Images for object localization
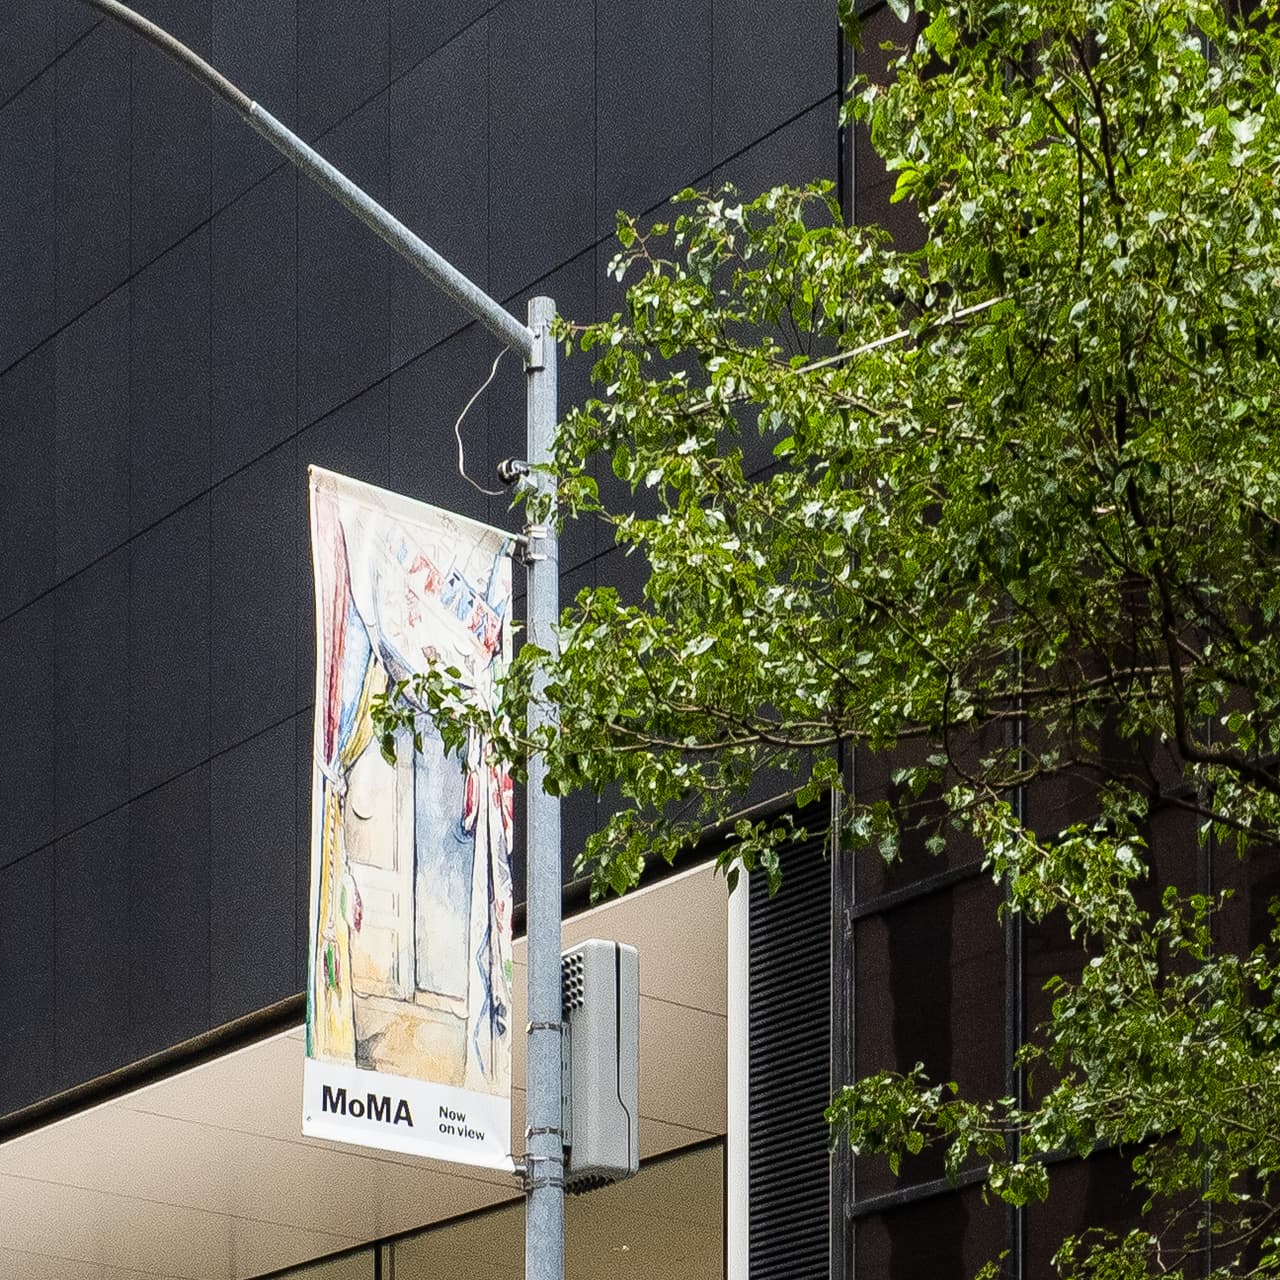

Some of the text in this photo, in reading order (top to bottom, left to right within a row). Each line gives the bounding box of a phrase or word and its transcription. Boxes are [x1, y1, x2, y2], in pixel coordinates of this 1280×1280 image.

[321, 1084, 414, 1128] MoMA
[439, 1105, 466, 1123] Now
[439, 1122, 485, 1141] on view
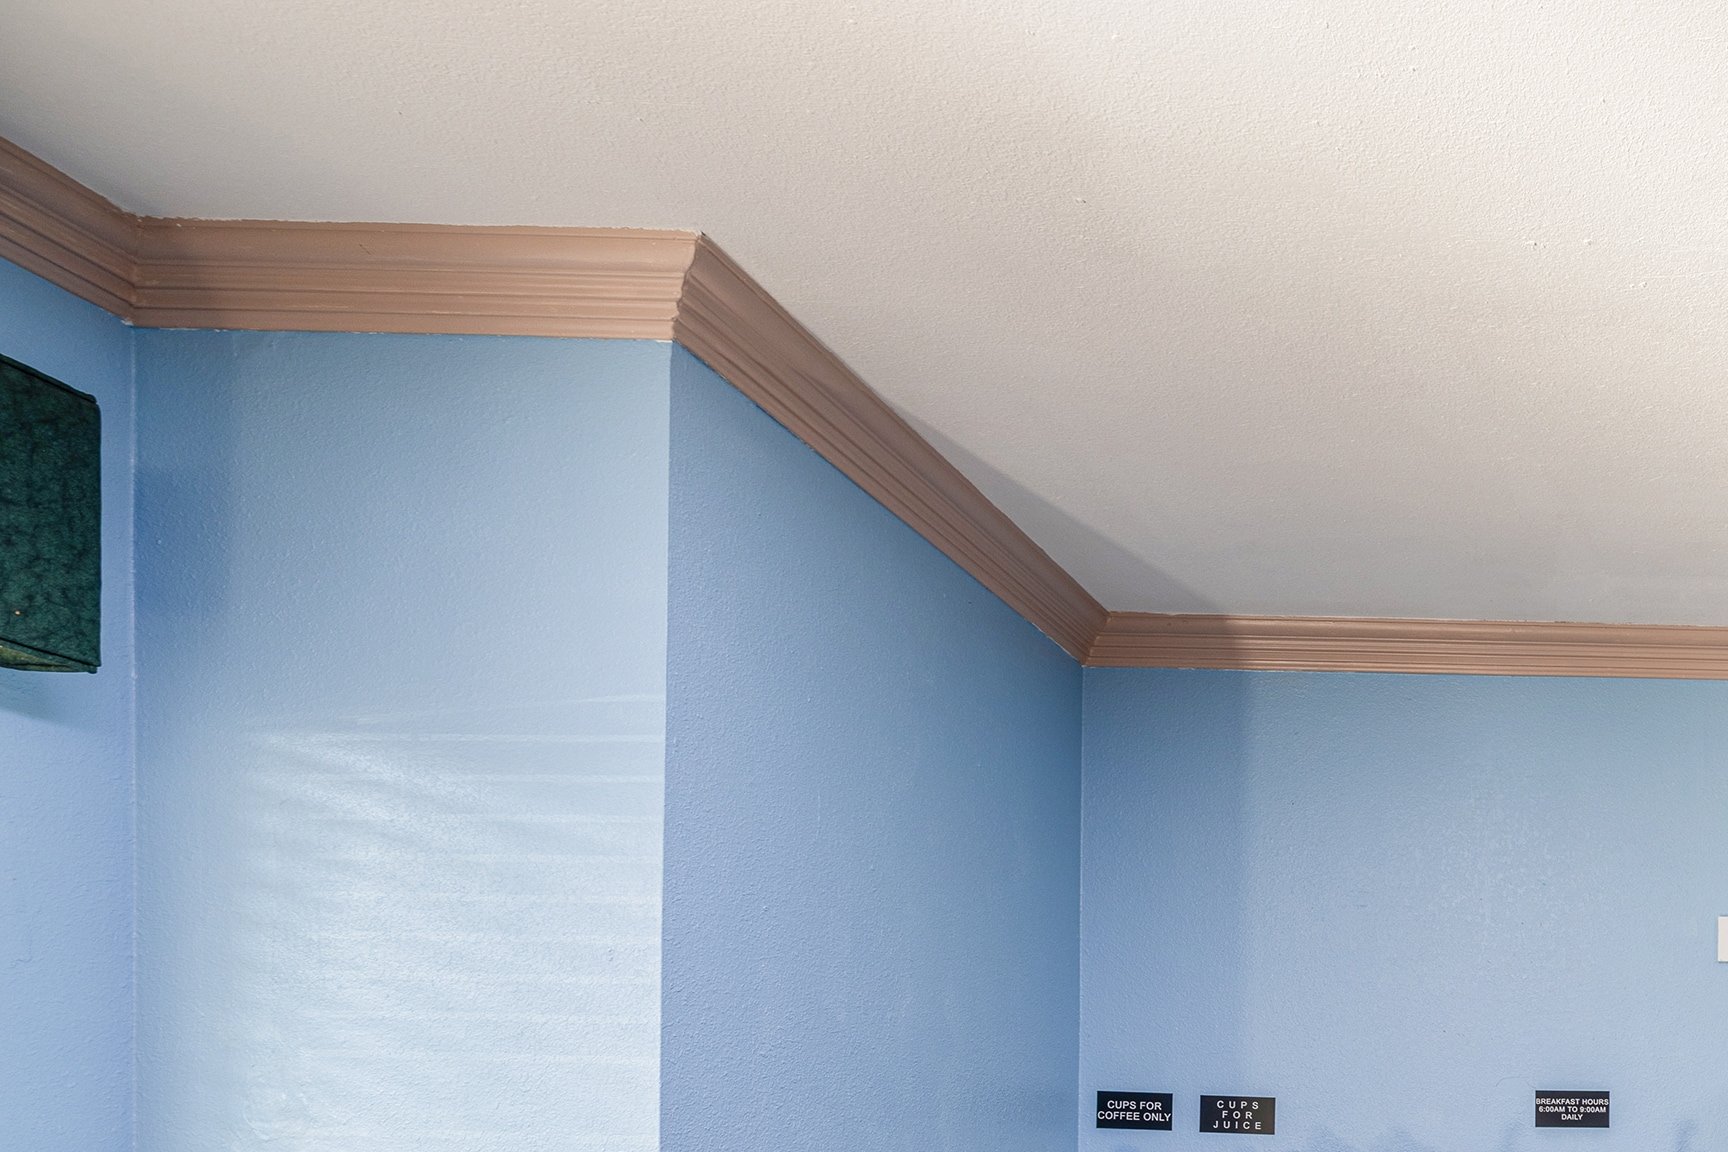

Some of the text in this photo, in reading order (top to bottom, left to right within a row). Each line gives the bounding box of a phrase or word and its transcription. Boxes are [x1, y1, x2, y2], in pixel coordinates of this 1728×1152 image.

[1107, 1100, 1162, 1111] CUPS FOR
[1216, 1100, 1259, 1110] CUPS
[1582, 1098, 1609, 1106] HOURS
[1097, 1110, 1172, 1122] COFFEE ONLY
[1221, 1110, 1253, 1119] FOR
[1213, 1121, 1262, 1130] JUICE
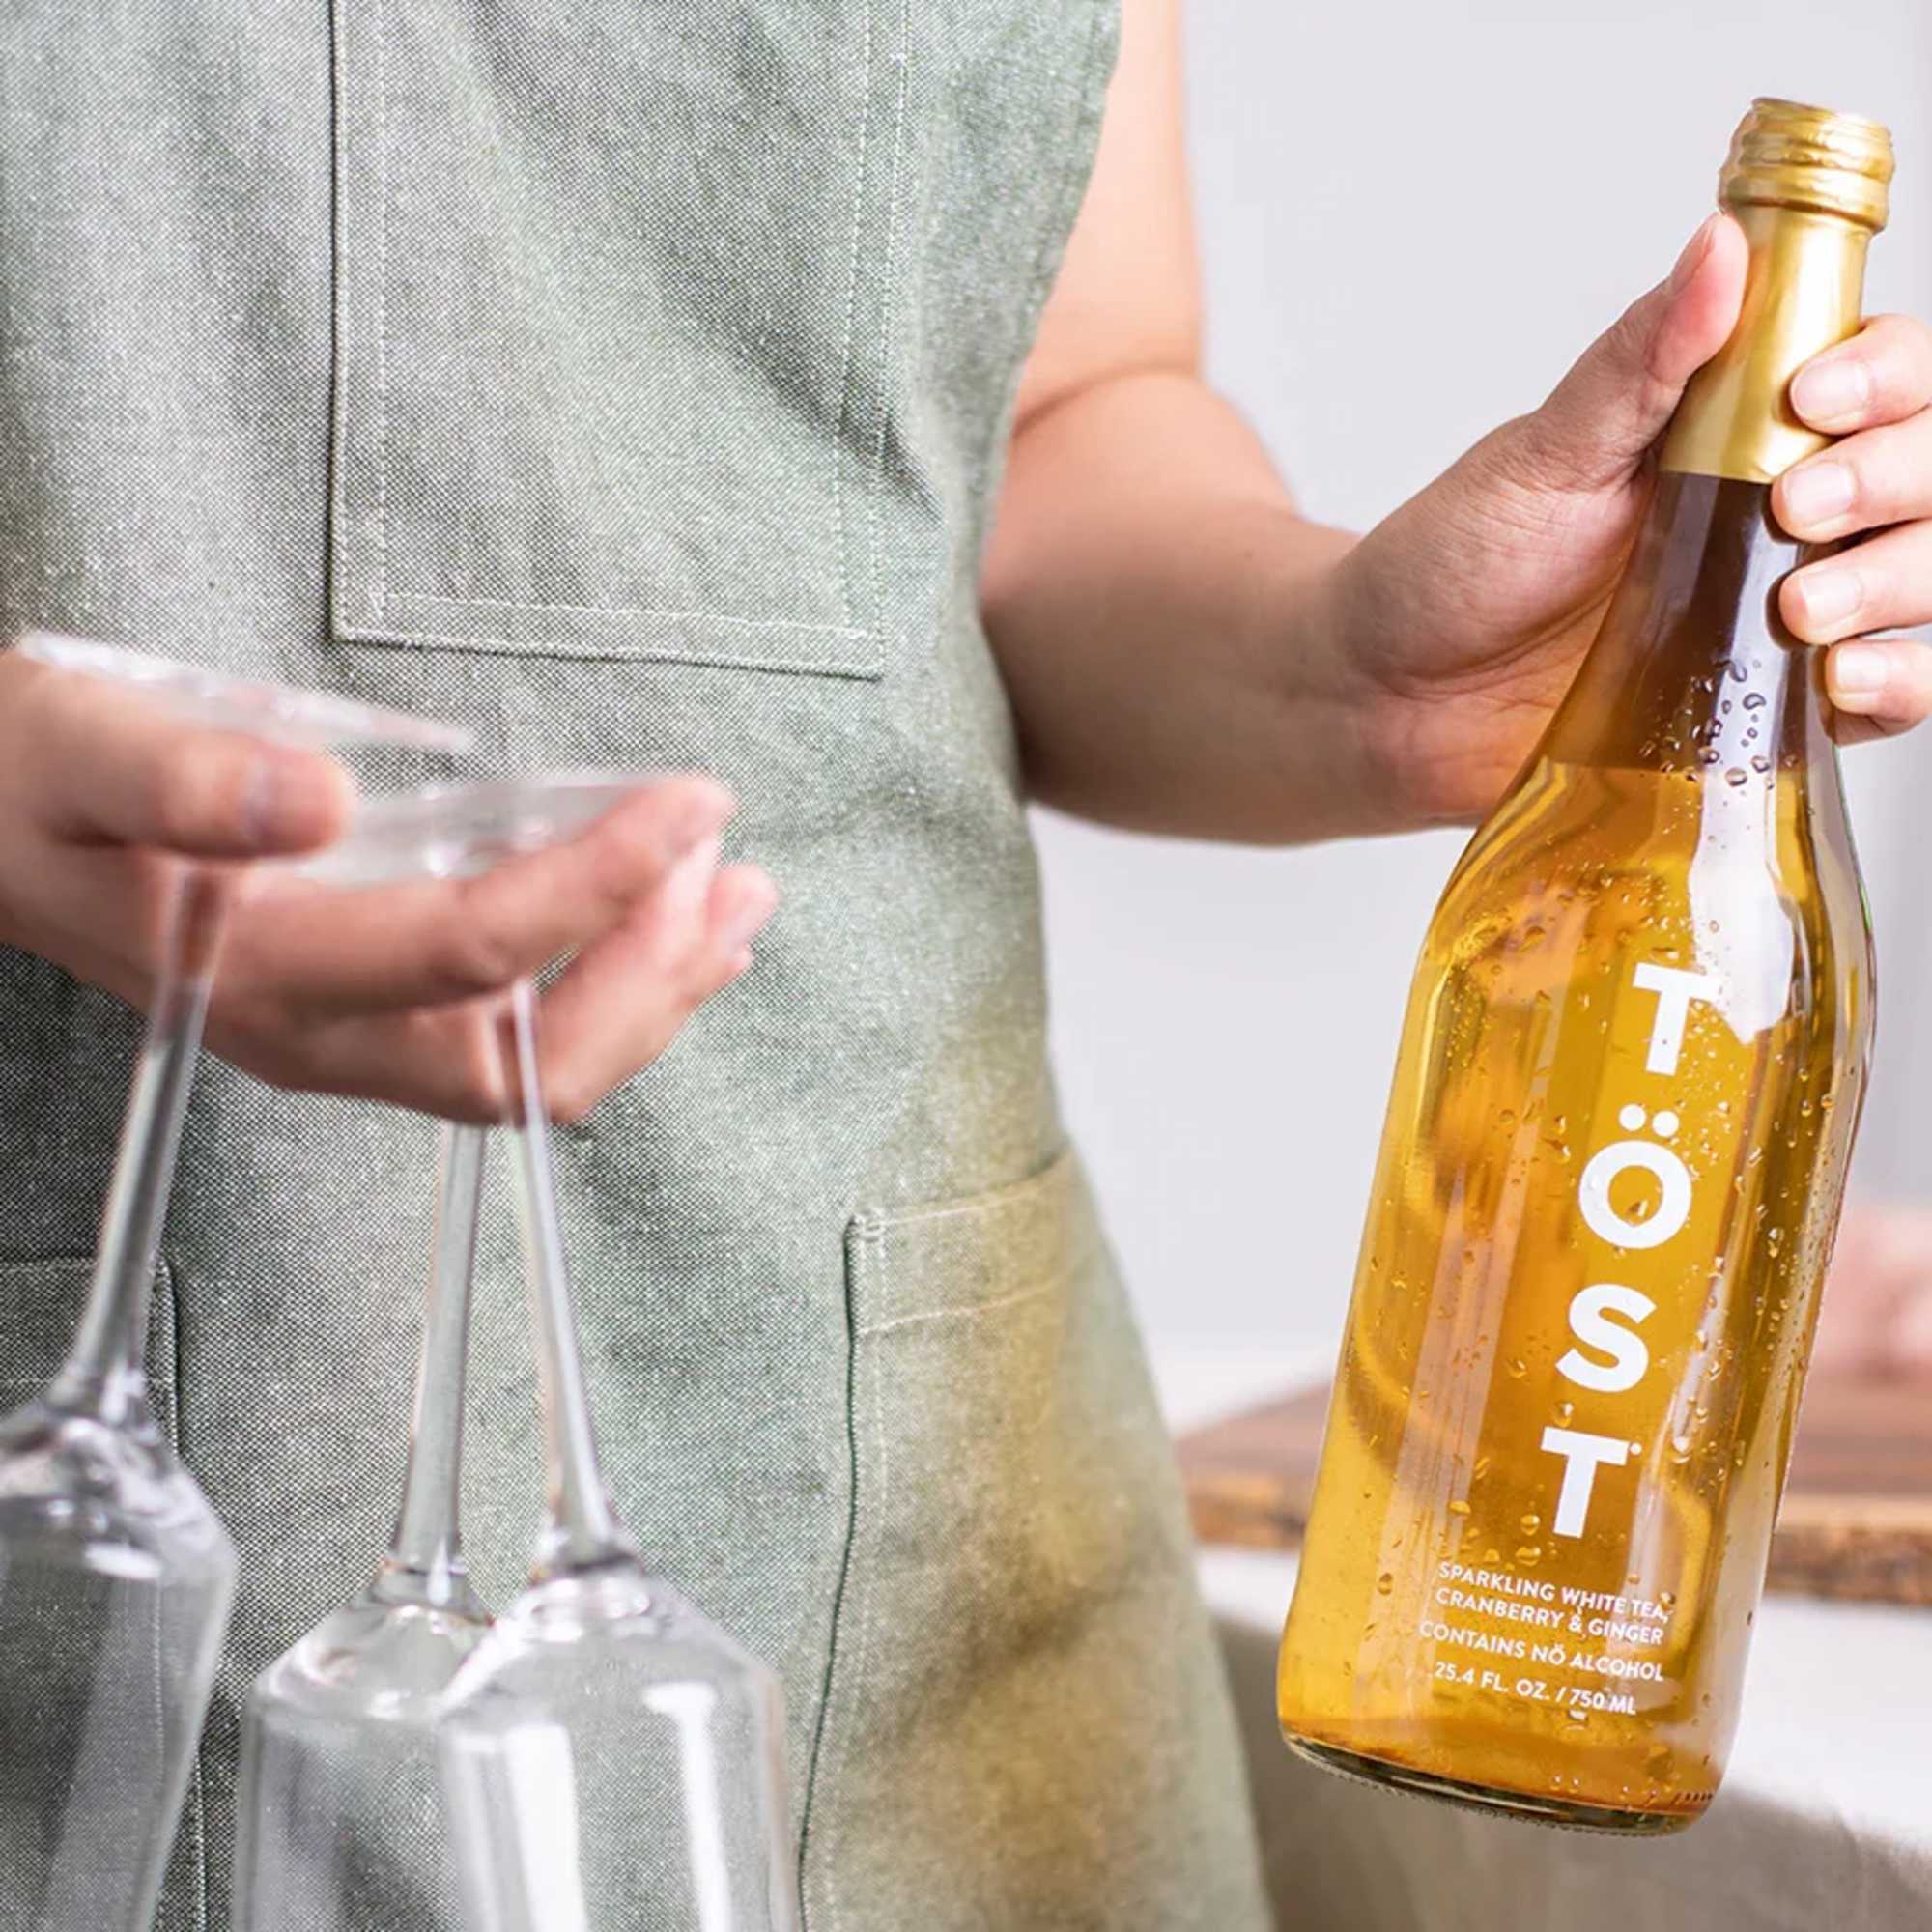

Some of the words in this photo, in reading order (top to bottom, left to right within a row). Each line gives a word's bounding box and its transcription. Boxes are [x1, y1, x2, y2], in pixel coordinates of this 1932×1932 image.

- _WORK INSTRUCTION_:
Print all data above verbatim, except pictures.

- _RESULT BELOW_:
Some of the text in this photo, in reading order (top to bottom, left to right within a row). Each line gives the bounding box of a phrase or word and its transcription. Boxes are [x1, y1, x2, y2], in pixel coordinates of this 1280×1280 image.

[321, 1084, 414, 1128] MoMA
[439, 1105, 466, 1123] Now
[439, 1122, 485, 1141] on view

Some of the text in this photo, in reading order (top to bottom, left to right within a row). Each line gives the bounding box of a phrase or word and its transcription. Boxes are [x1, y1, x2, y2], in pixel coordinates of this 1728×1152 image.

[1107, 1100, 1162, 1111] CUPS FOR
[1216, 1100, 1259, 1110] CUPS
[1582, 1098, 1609, 1106] HOURS
[1097, 1110, 1172, 1122] COFFEE ONLY
[1221, 1110, 1253, 1119] FOR
[1213, 1121, 1262, 1130] JUICE

Some of the words in this photo, in reading order (top to bottom, left to right within a row). Each line gives a word's bounding box and its transcription. Boxes are [x1, y1, x2, y2], in pixel coordinates of this 1932×1932 image.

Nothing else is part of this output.